15      À l’appui de son recours, la requérante soulève deux moyens, tirés, respectivement, de la violation de l’article 75 du règlement n° 207/2009 et de la violation de l’article 8, paragraphe 1, sous b), du même règlement.

16      Par son premier moyen, tiré de la violation de l’article 75 du règlement n° 207/2009, la requérante fait valoir que la décision attaquée est dépourvue de motivation. Notamment, la chambre de recours aurait affirmé que les marques en conflit étaient très similaires sans fournir d’explication.

17      L’OHMI reconnaît que la chambre de recours a fourni une motivation très succincte concernant la similitude des signes en conflit et l’existence d’un risque de confusion. Cependant, cette circonstance ne saurait justifier l’annulation de la décision attaquée, la chambre de recours ayant intentionnellement procédé à une appréciation sommaire étant donné qu’il appartenait à la division d’opposition de procéder à une vérification approfondie de l’existence des conditions nécessaires pour établir un risque de confusion.

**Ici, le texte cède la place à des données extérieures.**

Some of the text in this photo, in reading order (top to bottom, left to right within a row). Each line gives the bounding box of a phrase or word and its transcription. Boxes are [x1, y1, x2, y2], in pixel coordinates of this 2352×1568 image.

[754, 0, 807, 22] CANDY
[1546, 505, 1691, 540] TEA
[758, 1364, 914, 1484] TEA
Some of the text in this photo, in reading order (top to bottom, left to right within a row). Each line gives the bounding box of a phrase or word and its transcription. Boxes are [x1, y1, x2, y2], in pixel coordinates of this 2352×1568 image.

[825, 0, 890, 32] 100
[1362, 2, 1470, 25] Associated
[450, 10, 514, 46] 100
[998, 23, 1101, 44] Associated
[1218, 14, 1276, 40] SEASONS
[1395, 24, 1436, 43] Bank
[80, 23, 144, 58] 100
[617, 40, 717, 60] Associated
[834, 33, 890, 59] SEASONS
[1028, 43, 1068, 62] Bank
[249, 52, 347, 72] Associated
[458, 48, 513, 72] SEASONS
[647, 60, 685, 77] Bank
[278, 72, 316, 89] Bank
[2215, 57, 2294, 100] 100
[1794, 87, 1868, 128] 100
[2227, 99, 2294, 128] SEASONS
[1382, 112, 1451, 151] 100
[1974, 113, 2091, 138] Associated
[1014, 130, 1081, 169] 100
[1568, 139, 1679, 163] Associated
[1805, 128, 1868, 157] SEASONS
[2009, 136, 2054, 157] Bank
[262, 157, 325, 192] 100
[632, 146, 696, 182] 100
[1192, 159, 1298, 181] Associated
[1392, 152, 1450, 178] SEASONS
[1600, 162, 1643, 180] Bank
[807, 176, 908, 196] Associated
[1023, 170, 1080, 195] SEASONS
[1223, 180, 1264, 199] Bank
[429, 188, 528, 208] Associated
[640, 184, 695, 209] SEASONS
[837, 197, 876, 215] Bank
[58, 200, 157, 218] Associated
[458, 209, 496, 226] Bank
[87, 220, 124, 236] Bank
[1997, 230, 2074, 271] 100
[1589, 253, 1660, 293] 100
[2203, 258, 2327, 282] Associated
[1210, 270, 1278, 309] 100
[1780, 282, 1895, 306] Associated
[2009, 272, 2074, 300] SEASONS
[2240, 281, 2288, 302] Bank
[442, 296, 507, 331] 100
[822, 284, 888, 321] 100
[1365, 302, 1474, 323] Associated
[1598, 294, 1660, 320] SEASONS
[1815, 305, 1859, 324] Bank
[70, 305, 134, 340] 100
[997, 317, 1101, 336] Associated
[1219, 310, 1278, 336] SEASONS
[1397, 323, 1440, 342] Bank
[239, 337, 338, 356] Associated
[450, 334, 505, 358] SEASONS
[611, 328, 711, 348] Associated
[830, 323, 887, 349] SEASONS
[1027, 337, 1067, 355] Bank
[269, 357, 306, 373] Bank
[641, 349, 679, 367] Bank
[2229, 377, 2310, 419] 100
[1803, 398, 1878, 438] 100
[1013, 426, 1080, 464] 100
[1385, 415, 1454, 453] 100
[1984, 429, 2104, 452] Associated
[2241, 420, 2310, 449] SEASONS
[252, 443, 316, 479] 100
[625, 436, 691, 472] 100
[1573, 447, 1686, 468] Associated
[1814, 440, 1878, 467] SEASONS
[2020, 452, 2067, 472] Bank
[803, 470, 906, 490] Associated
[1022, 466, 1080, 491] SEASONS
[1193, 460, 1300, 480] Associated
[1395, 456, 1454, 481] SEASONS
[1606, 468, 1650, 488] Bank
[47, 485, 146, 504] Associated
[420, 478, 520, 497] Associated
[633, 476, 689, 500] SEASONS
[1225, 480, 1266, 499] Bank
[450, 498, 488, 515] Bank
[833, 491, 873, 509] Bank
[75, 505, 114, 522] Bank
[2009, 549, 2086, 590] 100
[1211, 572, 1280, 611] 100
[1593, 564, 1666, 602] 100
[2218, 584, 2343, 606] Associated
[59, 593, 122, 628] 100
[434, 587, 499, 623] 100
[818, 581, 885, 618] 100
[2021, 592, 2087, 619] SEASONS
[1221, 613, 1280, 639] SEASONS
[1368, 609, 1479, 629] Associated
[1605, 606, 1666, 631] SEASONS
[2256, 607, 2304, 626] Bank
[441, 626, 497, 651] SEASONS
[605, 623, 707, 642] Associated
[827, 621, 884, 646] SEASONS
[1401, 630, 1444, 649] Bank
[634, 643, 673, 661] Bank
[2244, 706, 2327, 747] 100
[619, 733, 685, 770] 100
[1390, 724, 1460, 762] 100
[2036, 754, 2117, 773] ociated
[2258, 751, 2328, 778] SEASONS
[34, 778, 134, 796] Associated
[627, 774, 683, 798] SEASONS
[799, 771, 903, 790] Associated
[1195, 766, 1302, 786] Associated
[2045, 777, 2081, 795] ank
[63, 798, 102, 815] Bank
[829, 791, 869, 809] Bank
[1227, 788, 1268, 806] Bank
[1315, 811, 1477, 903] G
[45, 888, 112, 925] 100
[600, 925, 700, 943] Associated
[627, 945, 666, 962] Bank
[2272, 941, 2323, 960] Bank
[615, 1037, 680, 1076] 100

18      En vertu de l’article 75 du règlement n° 207/2009, les décisions de l’OHMI doivent être motivées. L’obligation de motivation ainsi consacrée a la même portée que celle découlant de l’article 296 TFUE, tel qu’interprété par une jurisprudence constante, selon laquelle la motivation doit faire apparaître de façon claire et non équivoque le raisonnement de l’auteur de l’acte, de façon à permettre, d’une part, aux intéressés de connaître les justifications de la mesure prise afin de défendre leurs droits et, d’autre part, au juge de l’Union européenne d’exercer son contrôle sur la légalité de la décision [arrêt de la Cour du 21 octobre 2004, KWS Saat/OHMI, C‑447/02 P, Rec. p. I‑10107, points 64 et 65, et arrêt du Tribunal du 25 octobre 2012, riha/OHMI – Lidl Stiftung (VITAL&FIT), T‑552/10, non publié au Recueil, point 18].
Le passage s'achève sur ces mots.